🤖 AI Summary
This work identifies pervasive benchmark overfitting in the NeurIPS 2023 LLM Efficient Tuning Competition: top-performing methods suffer a 32% performance drop on closed-source test sets, revealing severe generalization fragility in current public-benchmark-driven evaluation. To address this, the authors introduce the first reproducible two-stage (public training + closed-source validation) evaluation framework, rigorously confirming benchmark overfitting as the dominant bottleneck. They propose a novel efficient tuning paradigm centered on *data refinement*—rather than model architecture or algorithmic innovation—as the primary lever for improvement. All competition submissions, standardized fine-tuning pipelines, and Dockerized evaluation infrastructure are open-sourced. Empirical analysis demonstrates that state-of-the-art performance stems predominantly from high-quality data curation, underscoring data governance as critical to LLM generalization. This work establishes both a methodological foundation and an empirical benchmark for rethinking evaluation paradigms in generative modeling.
📝 Abstract
Our analysis of the NeurIPS 2023 large language model (LLM) fine-tuning competition revealed the following trend: top-performing models exhibit significant overfitting on benchmark datasets, mirroring the broader issue of benchmark overfitting on popular leaderboards and that data curation is essential in order to get a high performing LLM. The competition, which consisted of two stages - an open evaluation stage with publicly available tasks and a closed evaluation stage with unseen tasks - allowed us to assess the generalizability of fine-tuned LLMs.

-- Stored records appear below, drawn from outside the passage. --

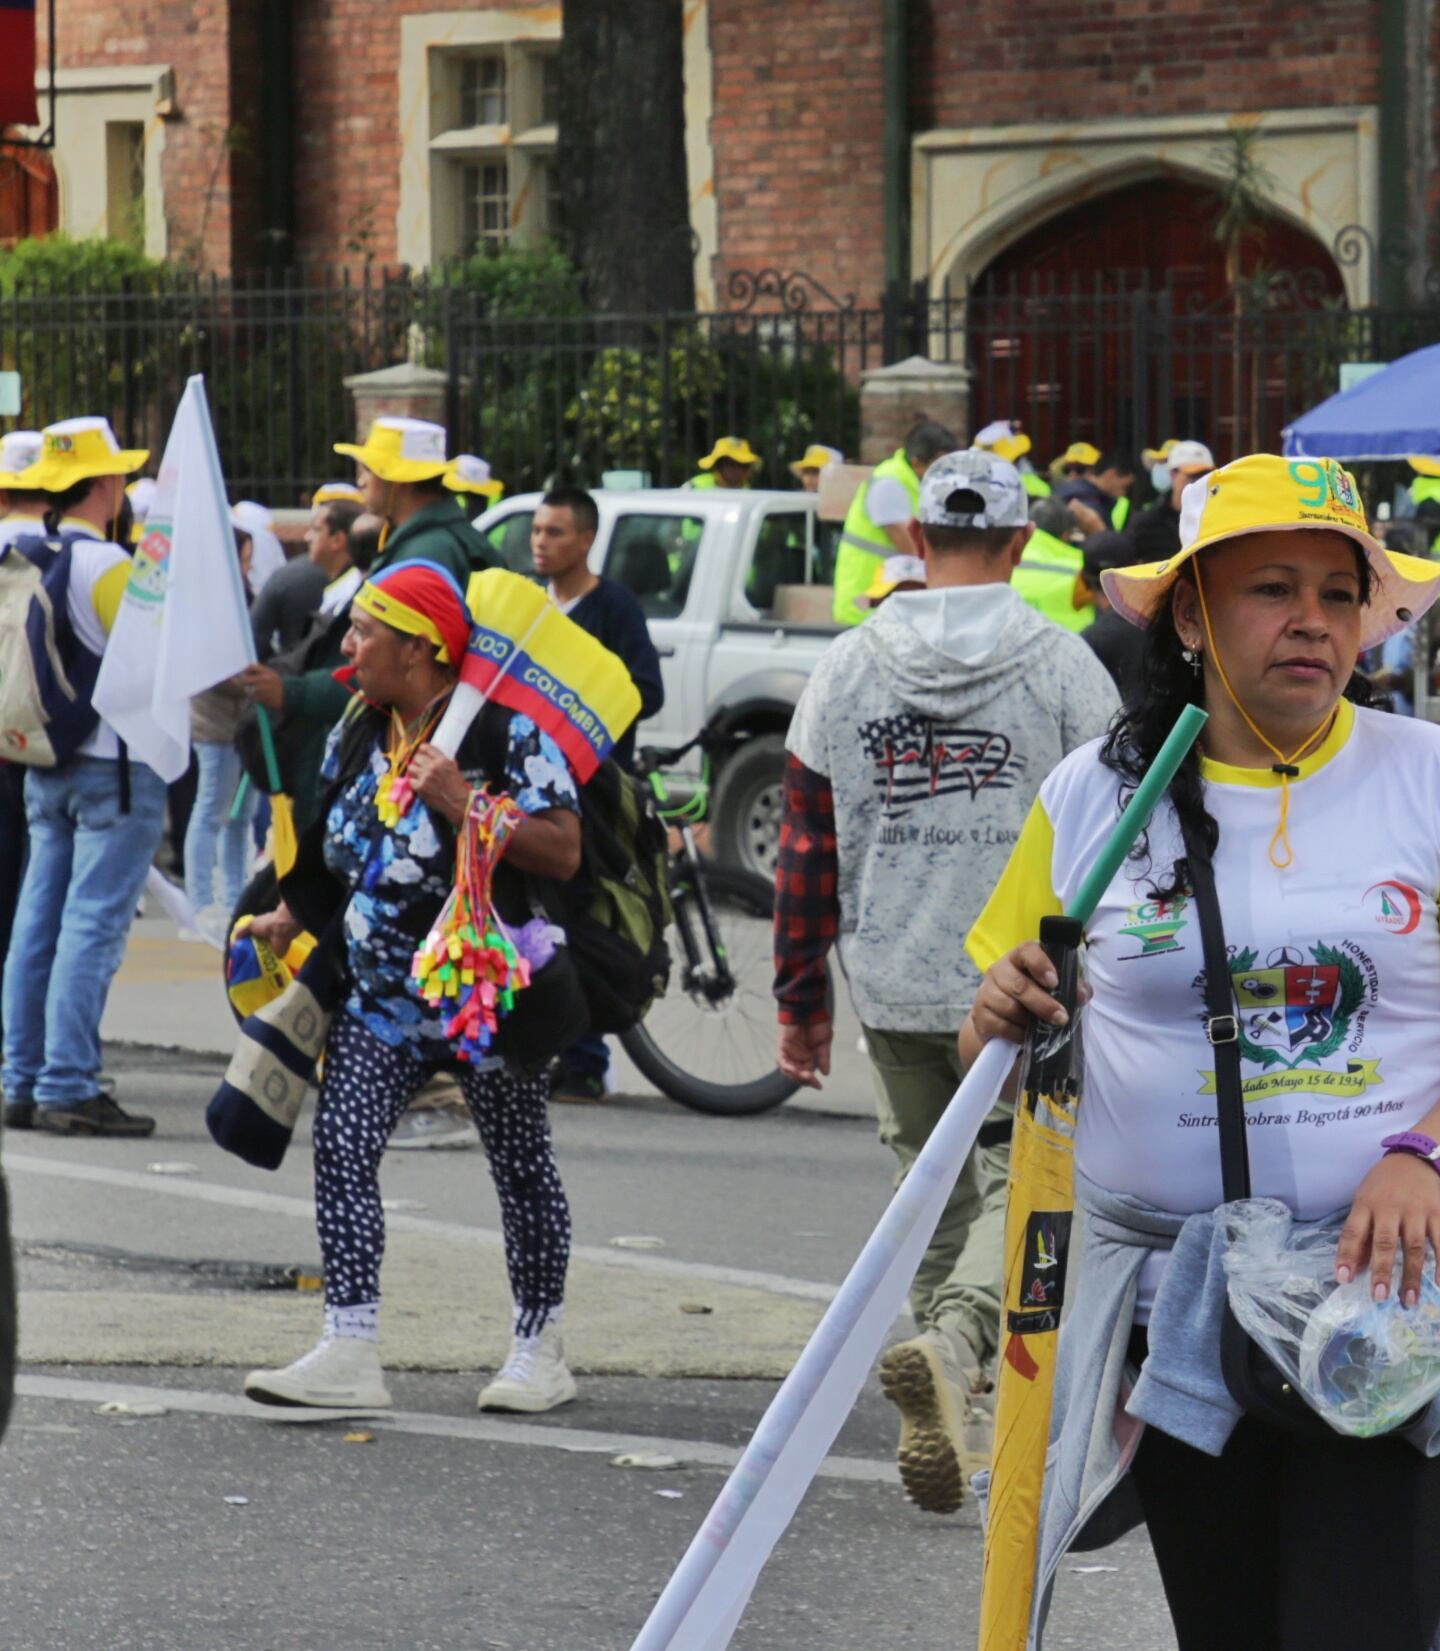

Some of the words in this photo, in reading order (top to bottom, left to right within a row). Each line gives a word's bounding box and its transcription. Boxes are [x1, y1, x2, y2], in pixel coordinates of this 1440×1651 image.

[522, 667, 606, 750] COLOMBIA
[923, 825, 966, 846] Hope
[1341, 939, 1379, 1002] HONESTIDAD
[1348, 1009, 1370, 1054] SERVICIO
[1271, 1077, 1304, 1090] Mayo
[1308, 1075, 1321, 1085] 15
[1323, 1075, 1336, 1085] de
[1339, 1075, 1364, 1088] 1934
[1296, 1106, 1350, 1127] Bogotá
[1353, 1104, 1371, 1119] 90
[1373, 1099, 1405, 1115] Años
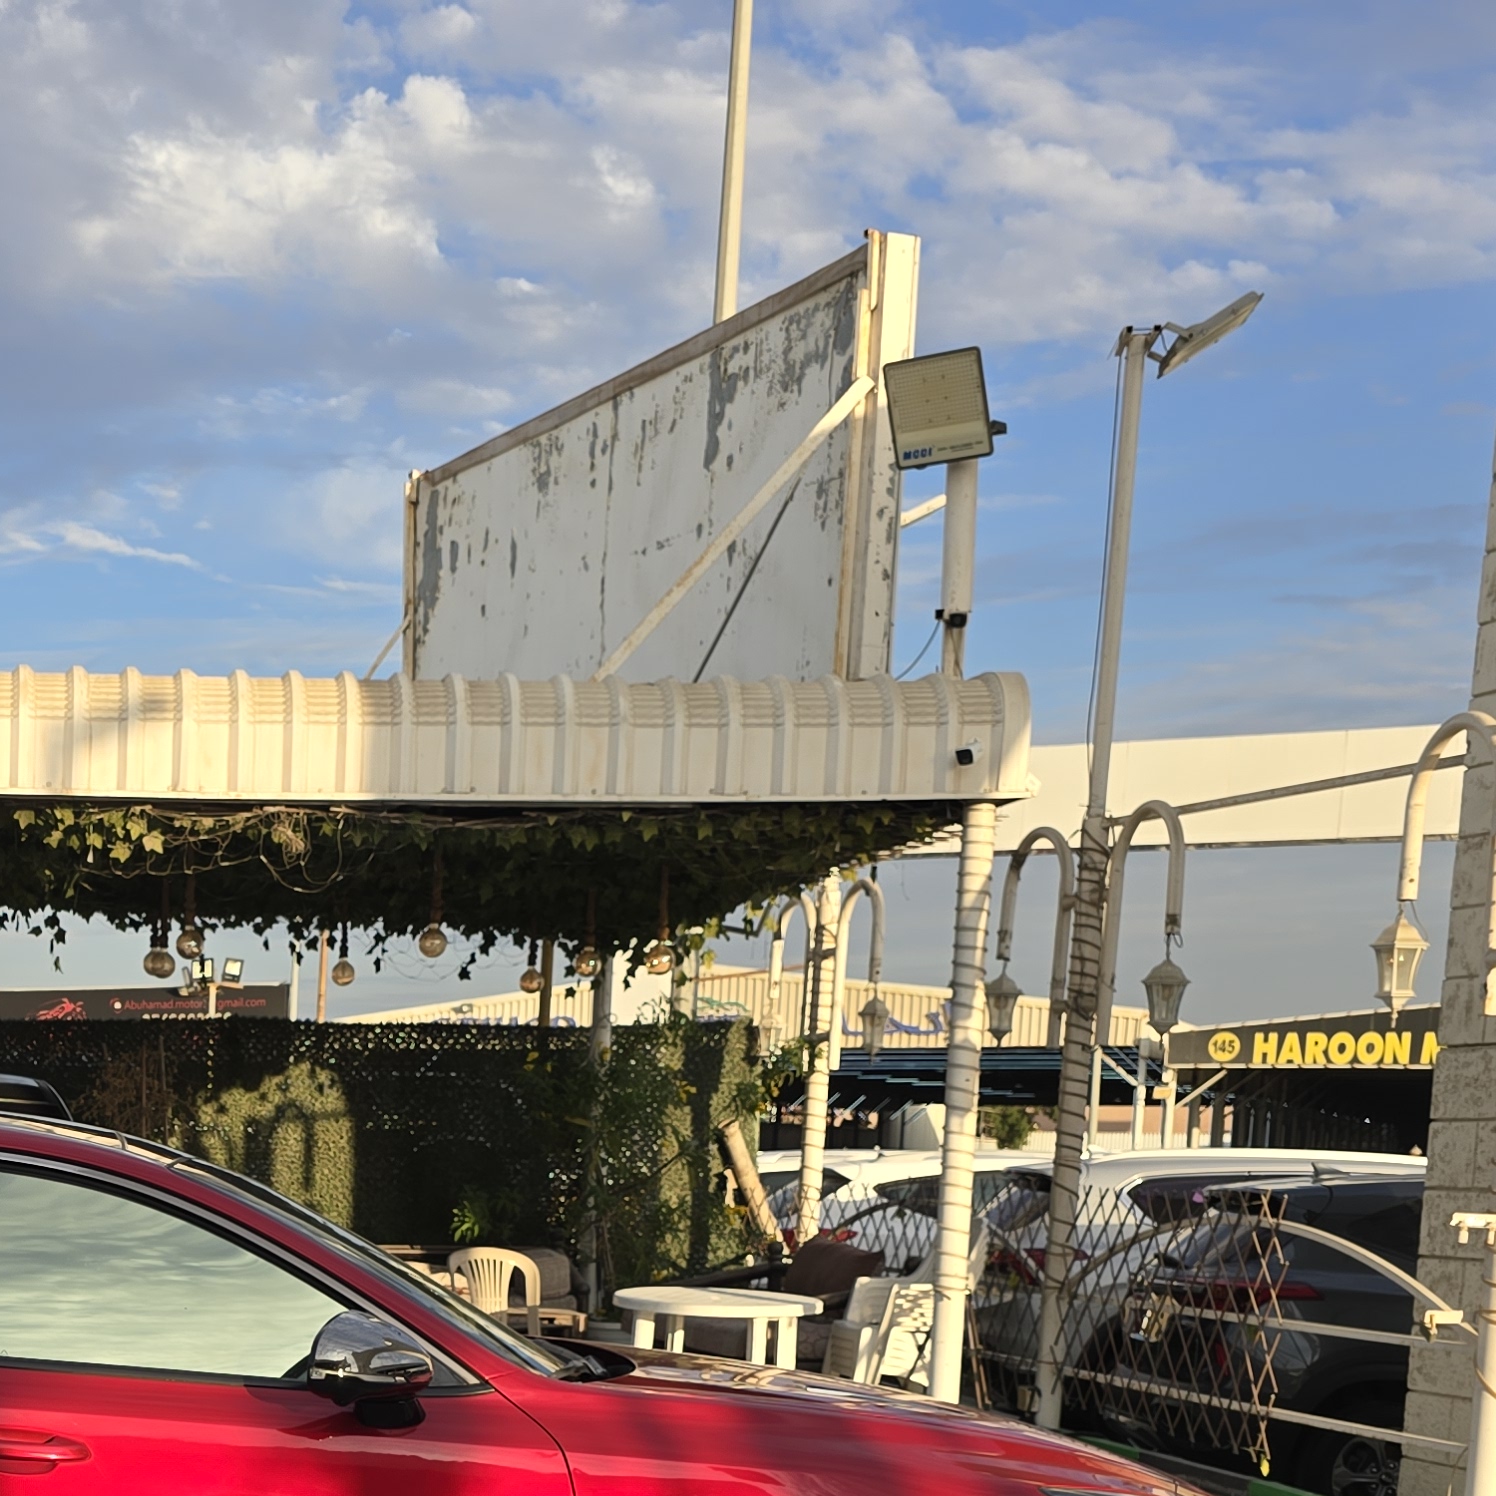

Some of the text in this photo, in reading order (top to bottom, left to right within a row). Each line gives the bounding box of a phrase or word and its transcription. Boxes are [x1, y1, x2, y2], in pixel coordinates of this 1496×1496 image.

[124, 997, 267, 1011] Abuhamad.motorgmail.com
[1212, 1039, 1236, 1055] 145
[1253, 1031, 1412, 1065] HAROON
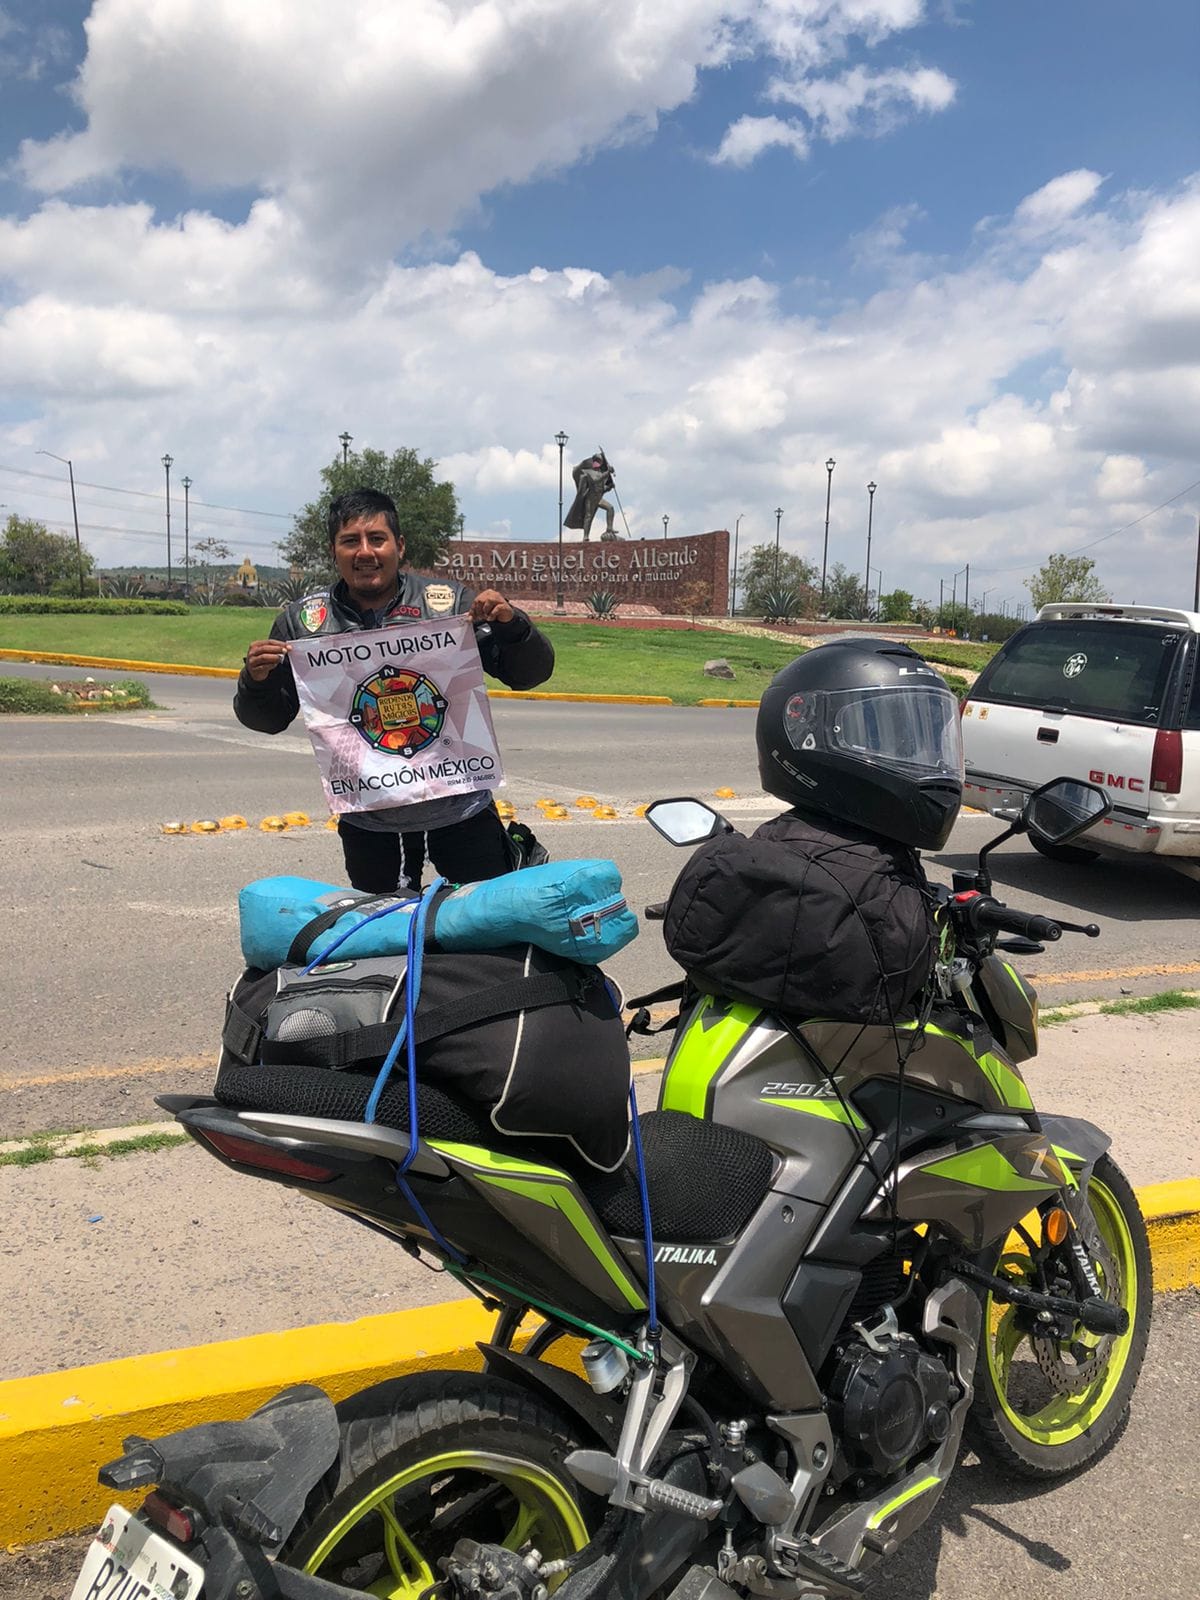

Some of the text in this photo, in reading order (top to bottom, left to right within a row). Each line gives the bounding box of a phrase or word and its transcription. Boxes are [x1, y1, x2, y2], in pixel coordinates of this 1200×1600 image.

[434, 544, 698, 571] San Miguel de Allende
[479, 570, 526, 582] regalo
[531, 571, 548, 582] de
[601, 571, 628, 582] Para
[632, 570, 642, 582] el
[307, 631, 457, 668] MOTO TURISTA
[384, 668, 395, 676] N
[331, 756, 494, 795] EN ACCIÓN MÉXICO
[771, 750, 819, 789] LS2
[1089, 770, 1145, 793] GMC
[654, 1247, 717, 1265] ITALIKA
[1072, 1244, 1101, 1299] ITALIKA

Our results highlight the limitations of current benchmark-based evaluation schemes for generative models and demonstrate the need for more robust evaluation methods. Notably, the winning submissions utilized standard open-source libraries and focused primarily on data curation. To facilitate further research and promote reproducibility, we release all competition entries, Docker files, and evaluation infrastructure, providing a valuable resource for the community to explore fine-tuning, overfitting, and reproducibility in LLMs.